Work required:
Retype exactly, and only, the lines from the one that contains "this 960×1167 image." through the final line of the entries.

[Saved data entries]
◇ ◇ ◇

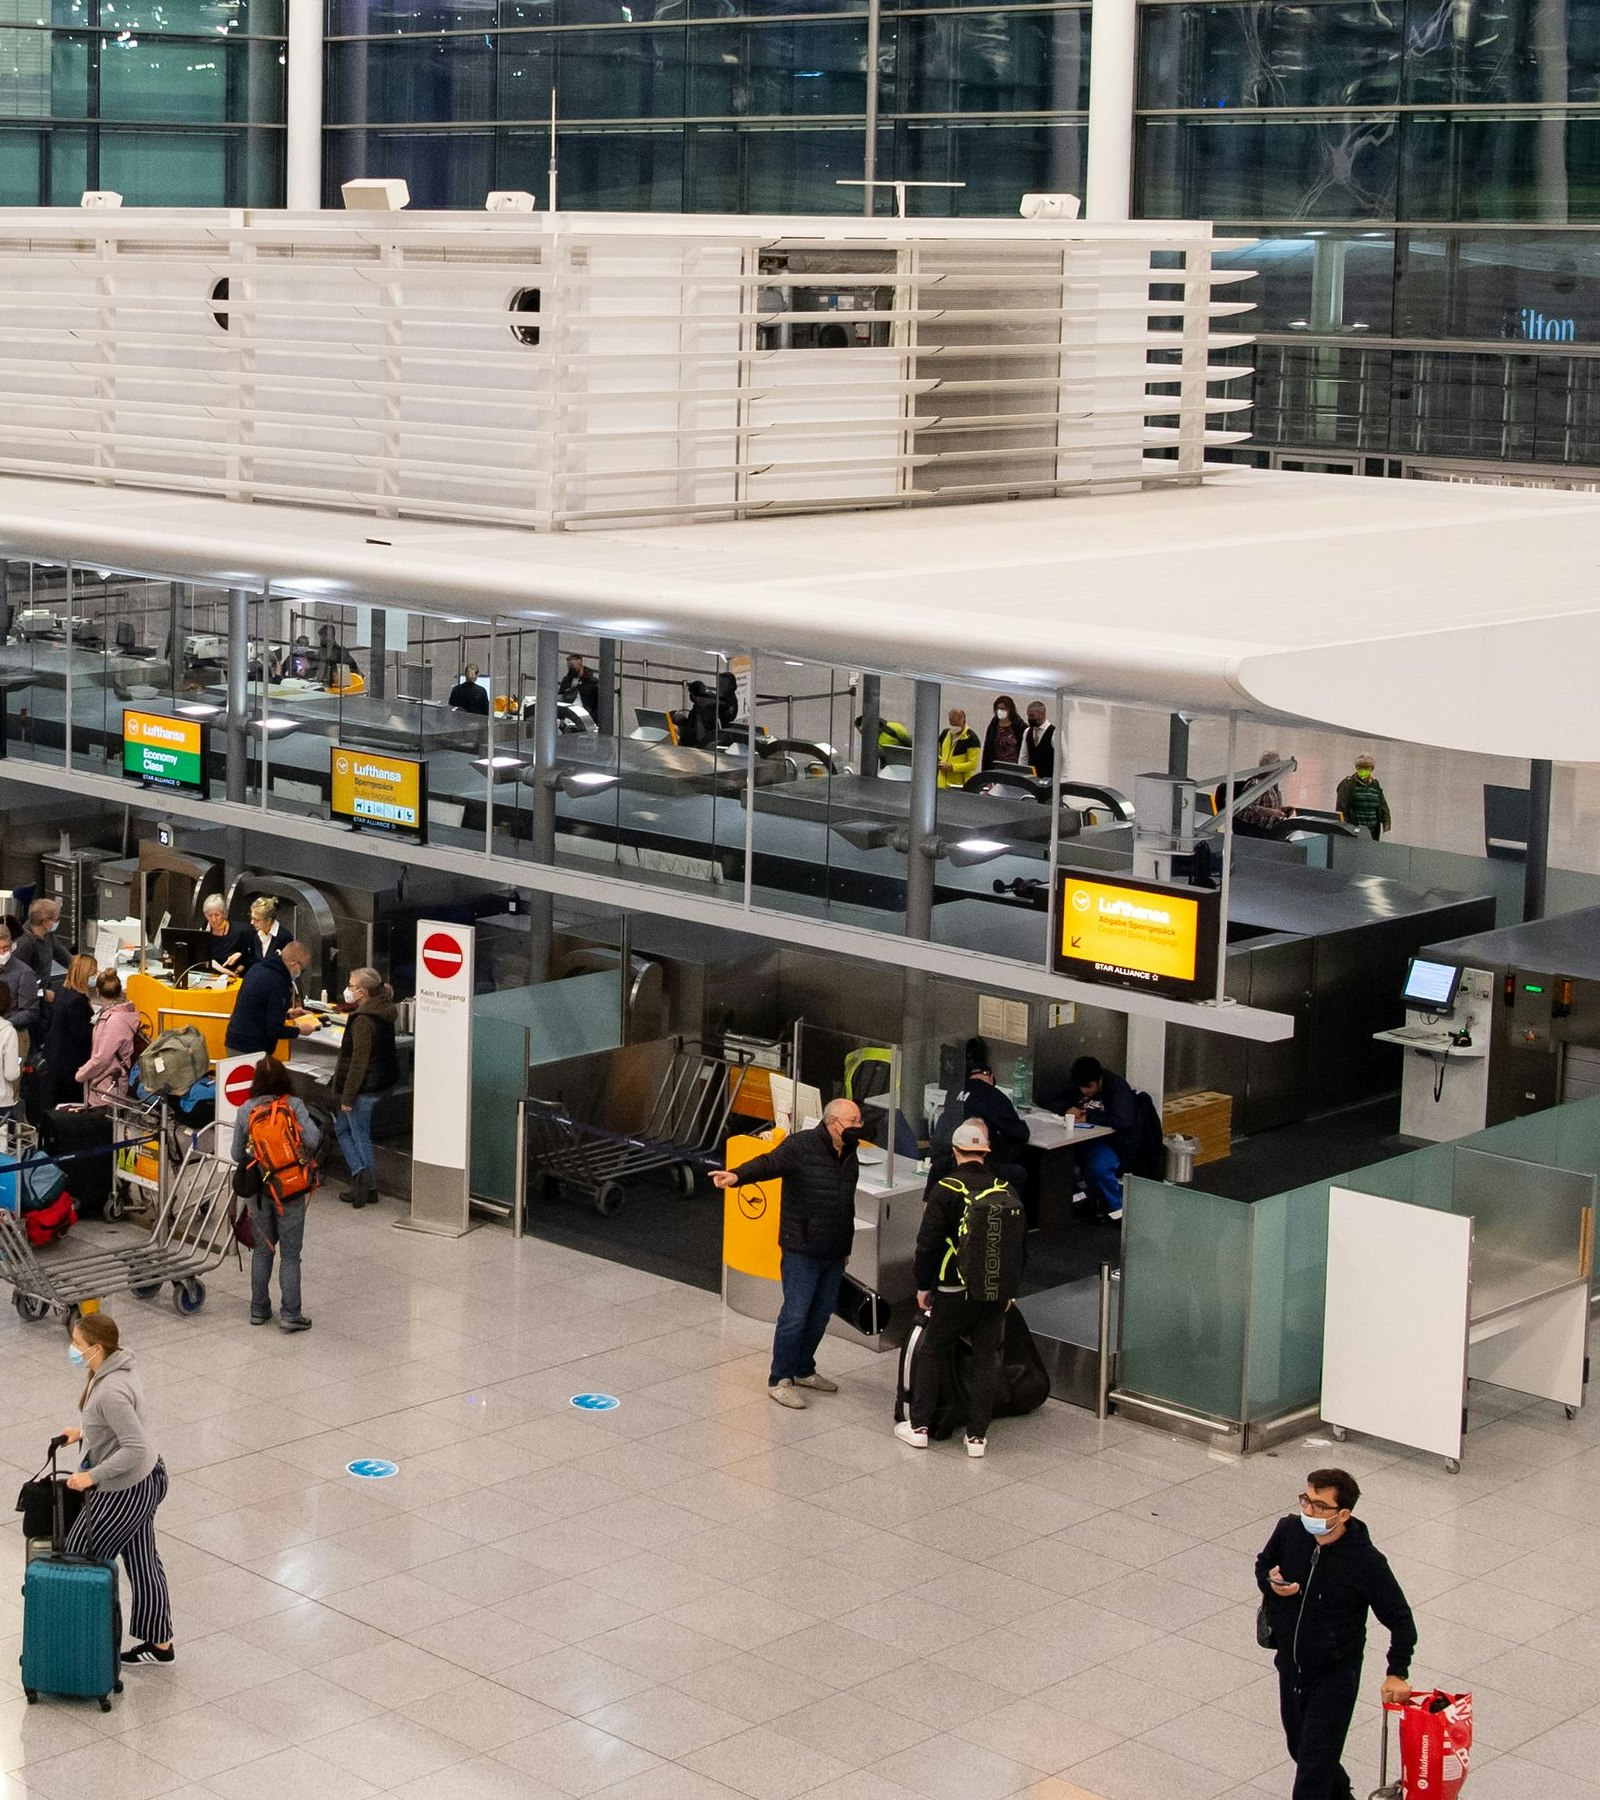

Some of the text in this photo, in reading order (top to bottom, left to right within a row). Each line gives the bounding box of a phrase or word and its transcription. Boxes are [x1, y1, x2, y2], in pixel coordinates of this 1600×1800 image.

[1501, 308, 1575, 341] ilton
[142, 723, 186, 743] Lufthansa
[143, 747, 178, 766] Economy
[143, 759, 164, 773] Class
[353, 762, 402, 783] Lufthansa
[353, 816, 391, 830] STAR ALLIANCE
[1098, 897, 1170, 924] Lufthansa
[1099, 915, 1176, 936] Abgabe Sperrgepäck
[1095, 962, 1150, 979] STAR ALLIANCE
[420, 988, 466, 1003] Kein Eingang
[1419, 1734, 1429, 1777] lululemon
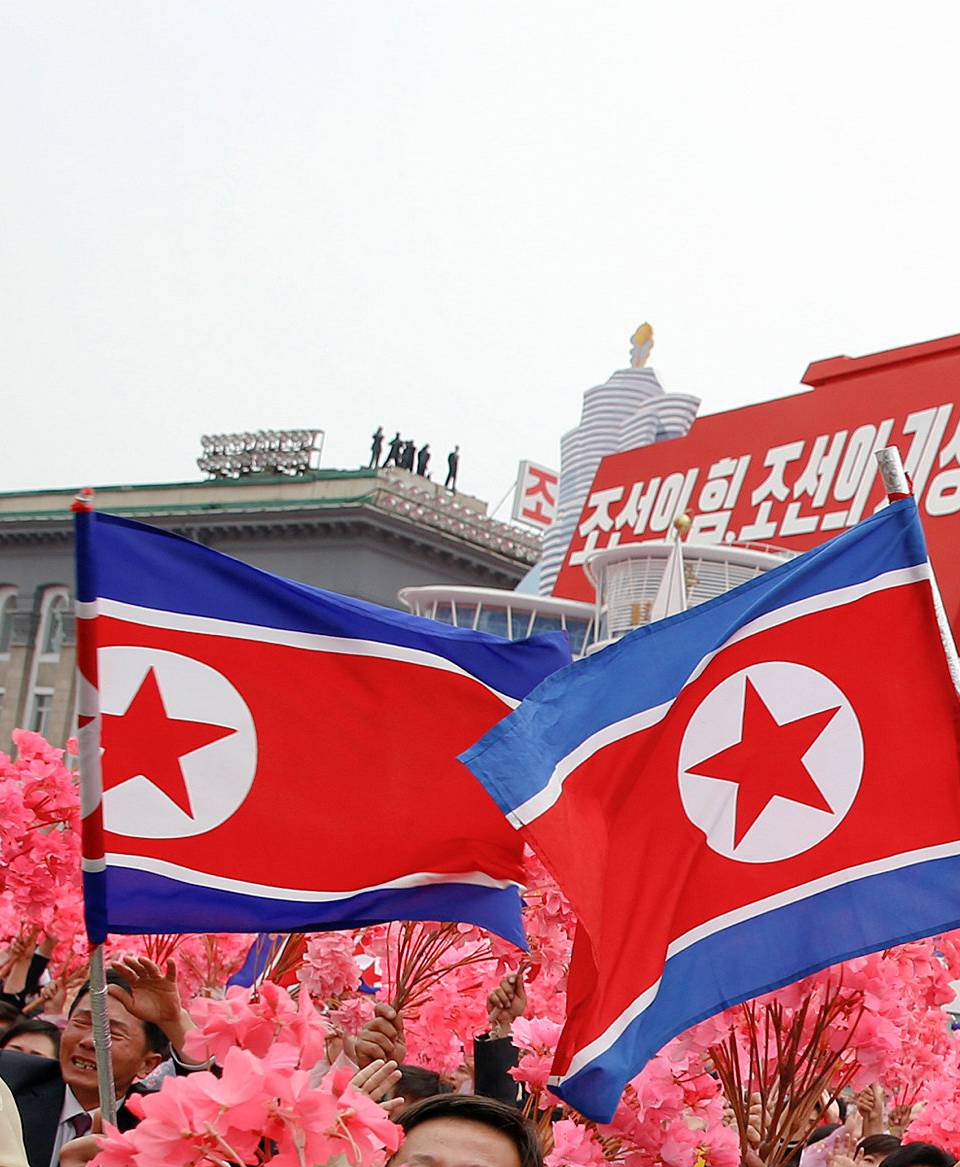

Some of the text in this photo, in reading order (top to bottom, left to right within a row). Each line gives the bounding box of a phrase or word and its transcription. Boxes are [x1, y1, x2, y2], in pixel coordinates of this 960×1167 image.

[521, 466, 558, 526] 조
[568, 468, 699, 567] 조선의
[738, 418, 895, 541] 조선의

◇ ◇ ◇

Solution:
Some of the text in this photo, in reading order (top to bottom, left to right within a row). Each line gives the bounding box of a phrase or word and its transcription. Boxes are [x1, y1, x2, y2], in pixel coordinates of this 960×1167 image.

[521, 466, 558, 526] 조
[568, 468, 699, 567] 조선의
[738, 418, 895, 541] 조선의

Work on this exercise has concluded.